*Directions for this task*.
Word for word, repeat the data that follows. Do not include the pictures.

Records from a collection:
══════════════════════════════

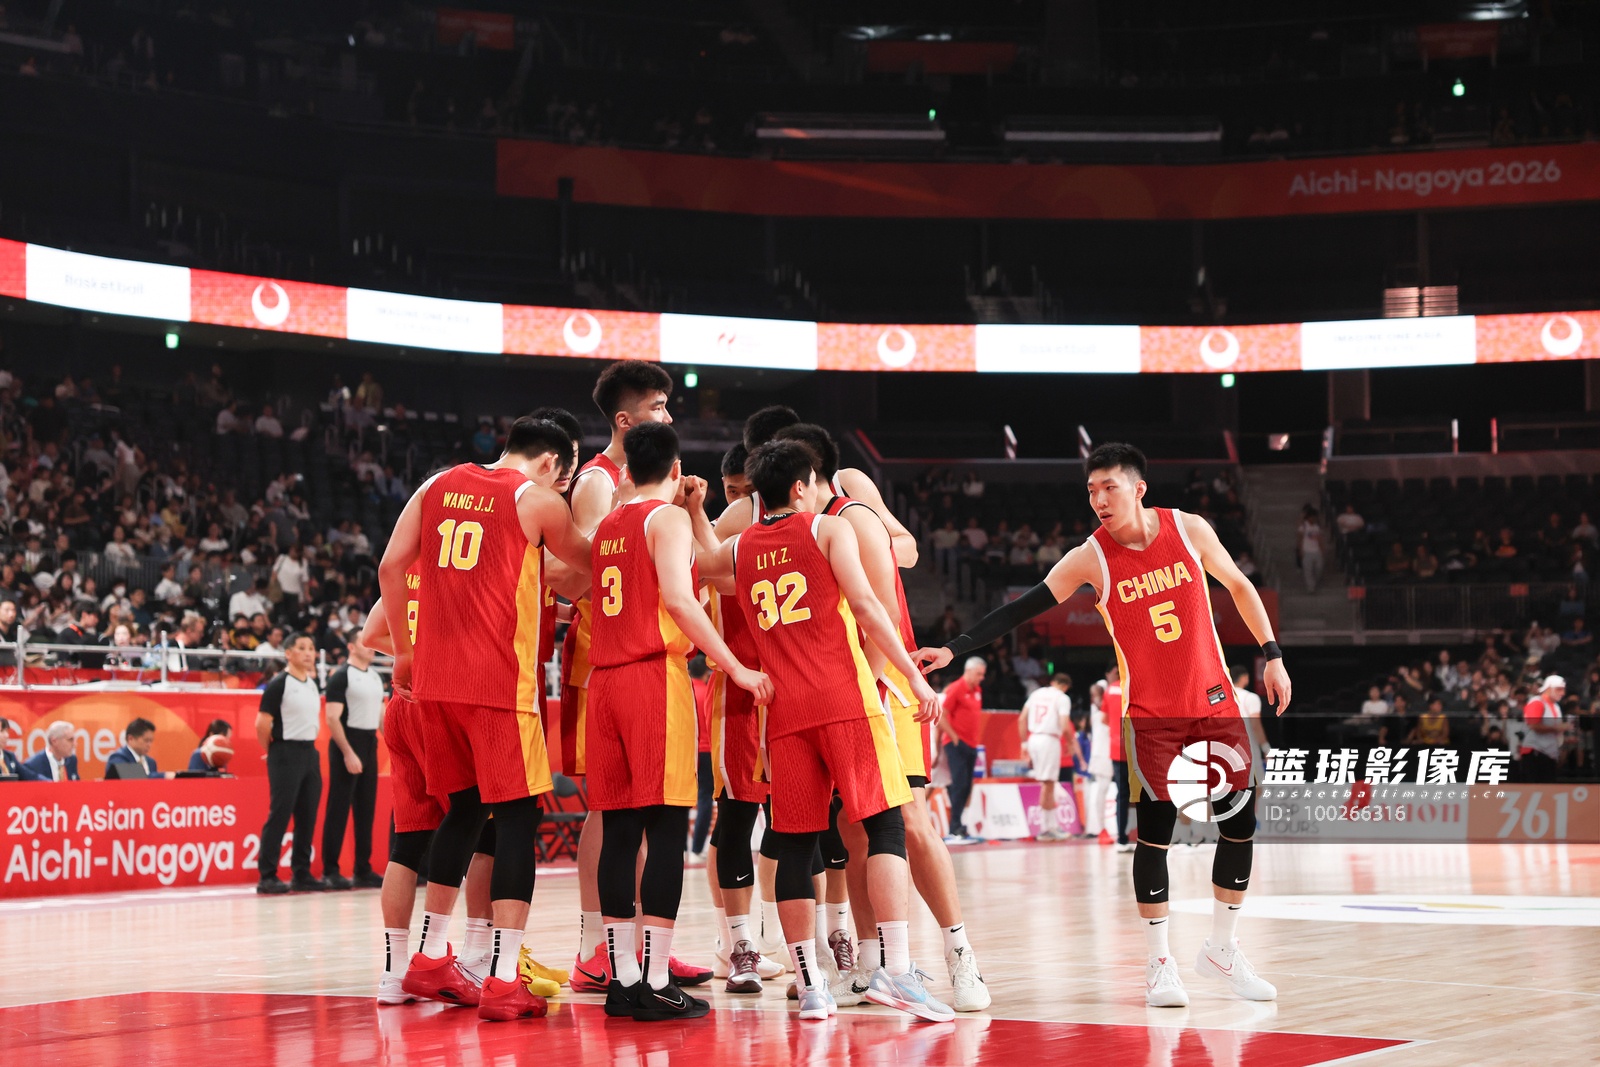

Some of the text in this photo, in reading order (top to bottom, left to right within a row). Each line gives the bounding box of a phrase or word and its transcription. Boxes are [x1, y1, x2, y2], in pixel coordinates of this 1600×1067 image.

[1288, 160, 1562, 197] Aichi-Nagoya 2026
[443, 491, 495, 512] WANG J.J.
[437, 518, 484, 570] 10
[757, 547, 792, 570] LI Y.Z.
[602, 566, 623, 617] 3
[750, 571, 811, 631] 32
[1116, 561, 1193, 604] CHINA
[1148, 600, 1182, 643] 5
[6, 800, 236, 835] 20th Asian Games
[4, 831, 316, 886] Aichi-Nagoya 22
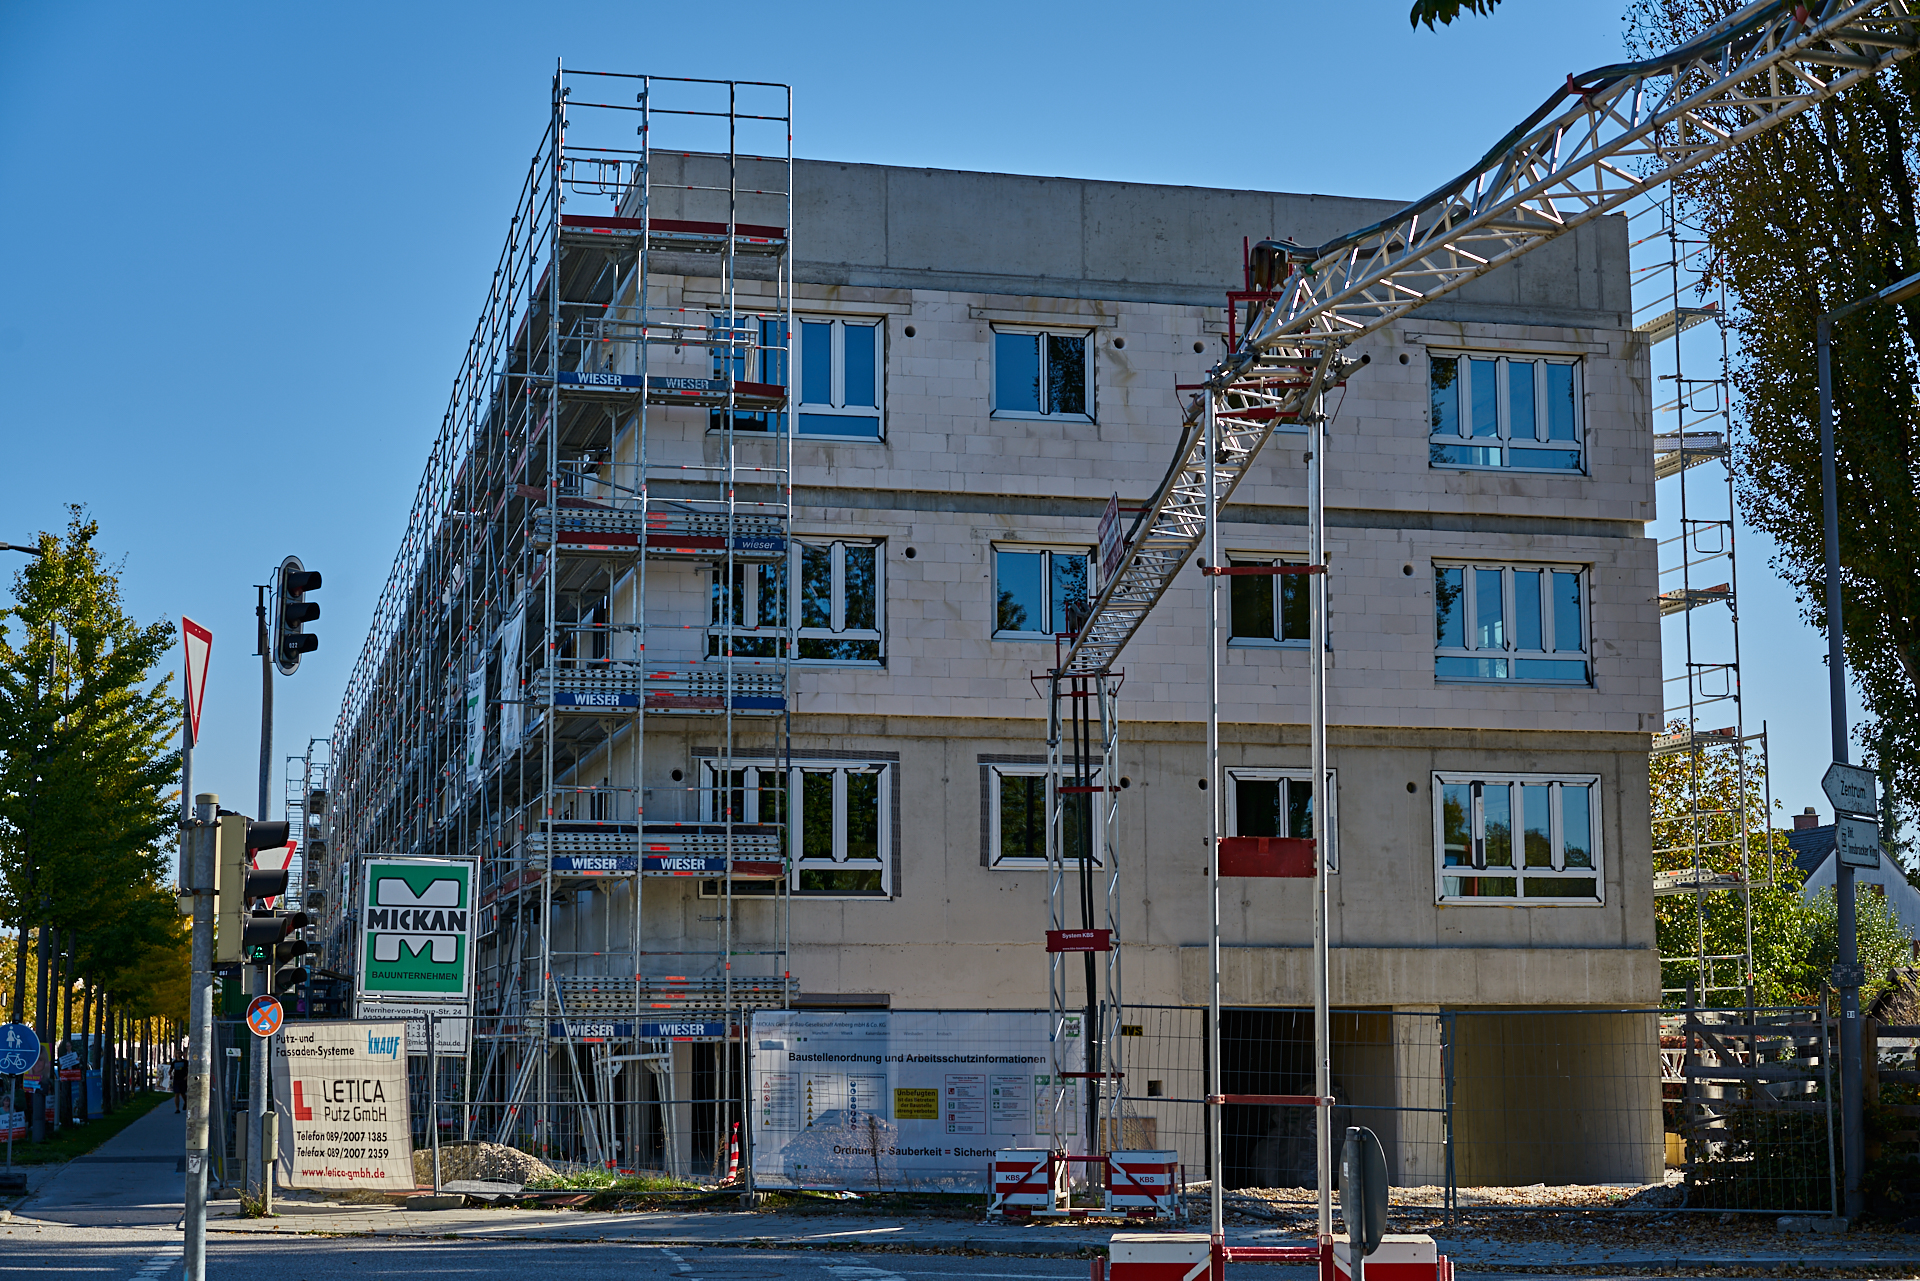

══════════════════════════════

*Problem solution*.
Some of the text in this photo, in reading order (top to bottom, left to right within a row). Each line gives the bounding box of a phrase or word and its transcription. Boxes are [x1, y1, x2, y2], in pixel coordinates of this 1600×1067 image.

[1288, 160, 1562, 197] Aichi-Nagoya 2026
[443, 491, 495, 512] WANG J.J.
[437, 518, 484, 570] 10
[757, 547, 792, 570] LI Y.Z.
[602, 566, 623, 617] 3
[750, 571, 811, 631] 32
[1116, 561, 1193, 604] CHINA
[1148, 600, 1182, 643] 5
[6, 800, 236, 835] 20th Asian Games
[4, 831, 316, 886] Aichi-Nagoya 22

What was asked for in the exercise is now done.